The right to potentially occupy the 350,000-square-foot building was part of an agreement Alnylam signed with San Diego-based BioMed Realty Trust Inc., one of the nation’s largest developers of life sciences offices and labs, which owns a block of buildings in Kendall Square.
Under the agreement, disclosed in a regulatory filing last week, Alnylam also will lease 295,000 square feet of offices and labs at 675 West Kendall St., diagonally across from Genzyme Center, starting on May 1, 2018. That space is currently leased to Vertex Pharmaceuticals Inc., which last year moved to a new Boston campus and plans to sublease the Cambridge location to other tenants for the next three years.

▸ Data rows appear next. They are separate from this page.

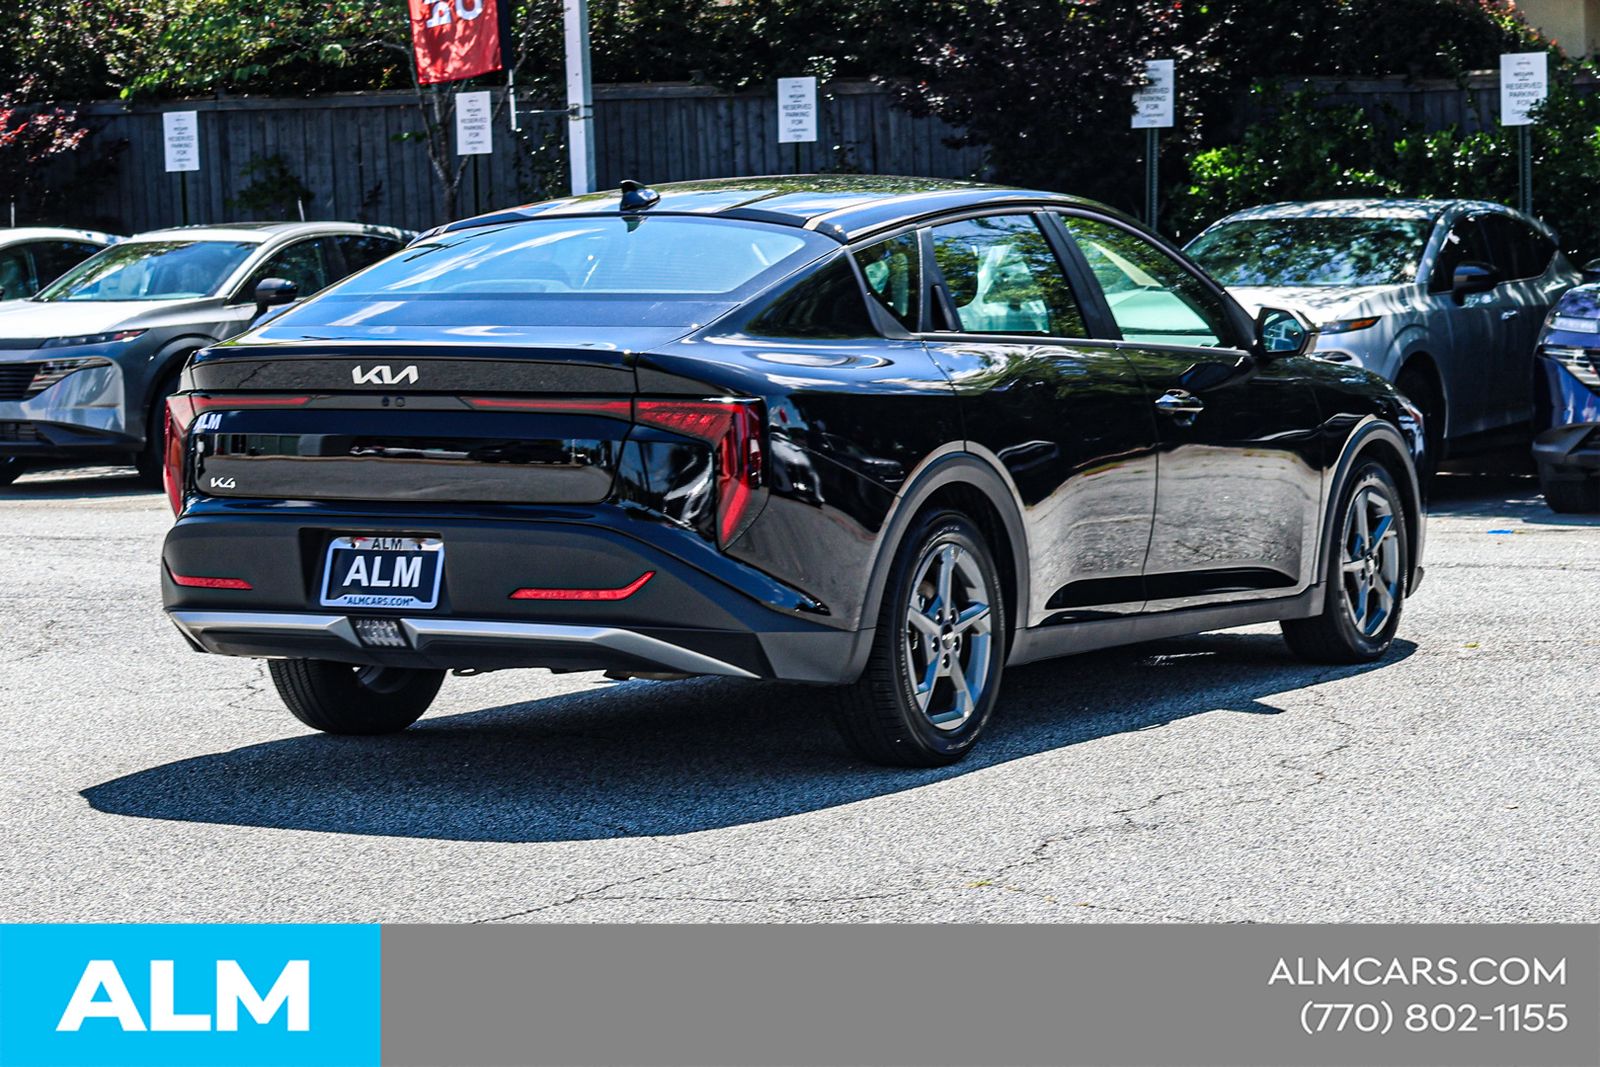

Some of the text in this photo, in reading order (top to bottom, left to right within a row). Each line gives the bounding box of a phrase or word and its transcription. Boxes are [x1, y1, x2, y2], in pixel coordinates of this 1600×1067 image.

[1139, 87, 1169, 95] ESERVED
[1505, 82, 1543, 90] RESERVED
[782, 103, 813, 111] RESERVED
[352, 365, 419, 384] KIA
[210, 477, 236, 489] K4
[372, 538, 403, 550] ALM
[342, 555, 422, 588] ALM
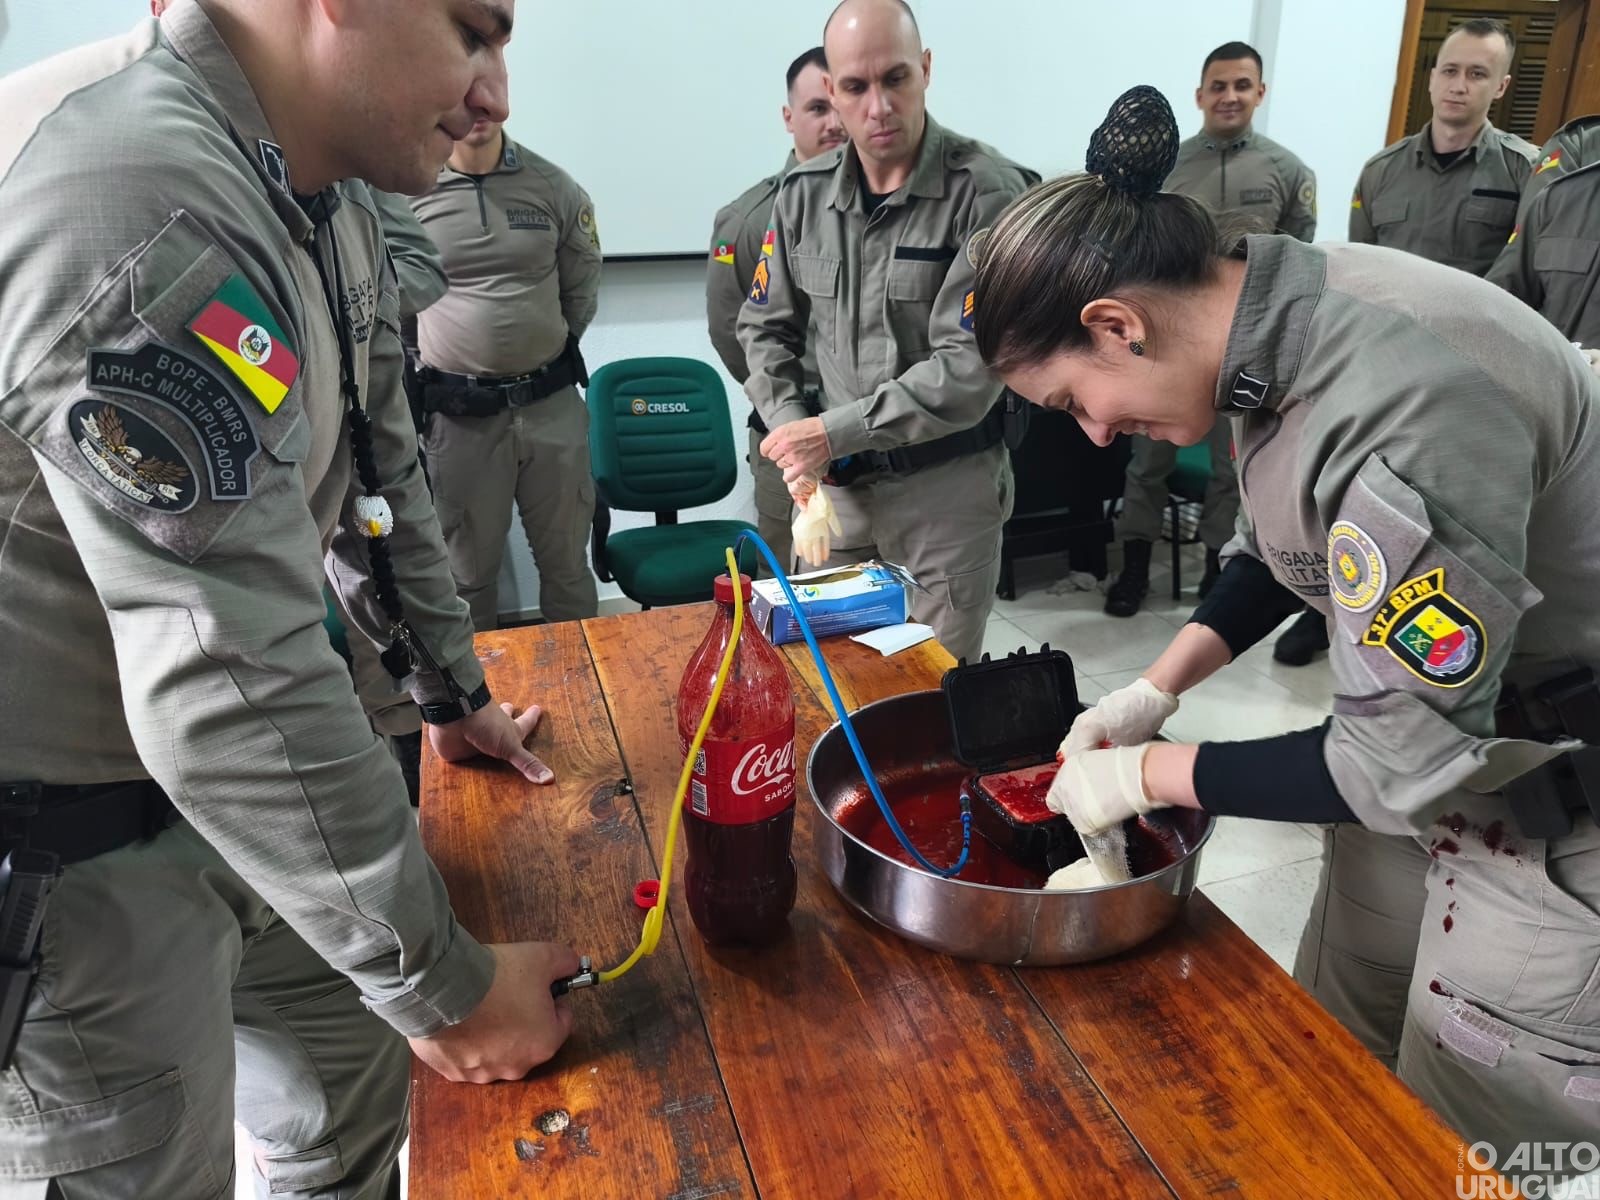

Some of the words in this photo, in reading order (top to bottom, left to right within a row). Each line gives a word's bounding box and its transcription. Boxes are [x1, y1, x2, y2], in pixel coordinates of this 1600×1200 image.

[156, 354, 209, 391] BOPE
[213, 396, 247, 443] BMRS
[647, 402, 690, 414] CRESOL
[96, 363, 154, 388] APH-C
[157, 377, 236, 491] MULTIPLICADOR
[1388, 579, 1434, 611] BPM
[731, 737, 796, 795] Coca
[764, 782, 792, 802] SABOR

Alnylam’s move signals the anticipated expansion of a company that has become a leader in the emerging technology known as RNA interference therapeutics, or RNAi, which fights diseases by silencing genes that cause the unwanted overproduction of proteins in human cells.
Last year, Genzyme, an arm of the French drug maker Sanofi SA, paid $700 million to take a 12 percent stake in Alnylam, with an option to buy as much as 30 percent of the company in the future. The deal also gave Genzyme the ability to tap into Alnylam’s robust pipeline of rare-disease drug candidates based on its RNAi technology. Genzyme plans to move about 950 employees now in Genzyme Center to a new headquarters being built at nearby 50 Binney St.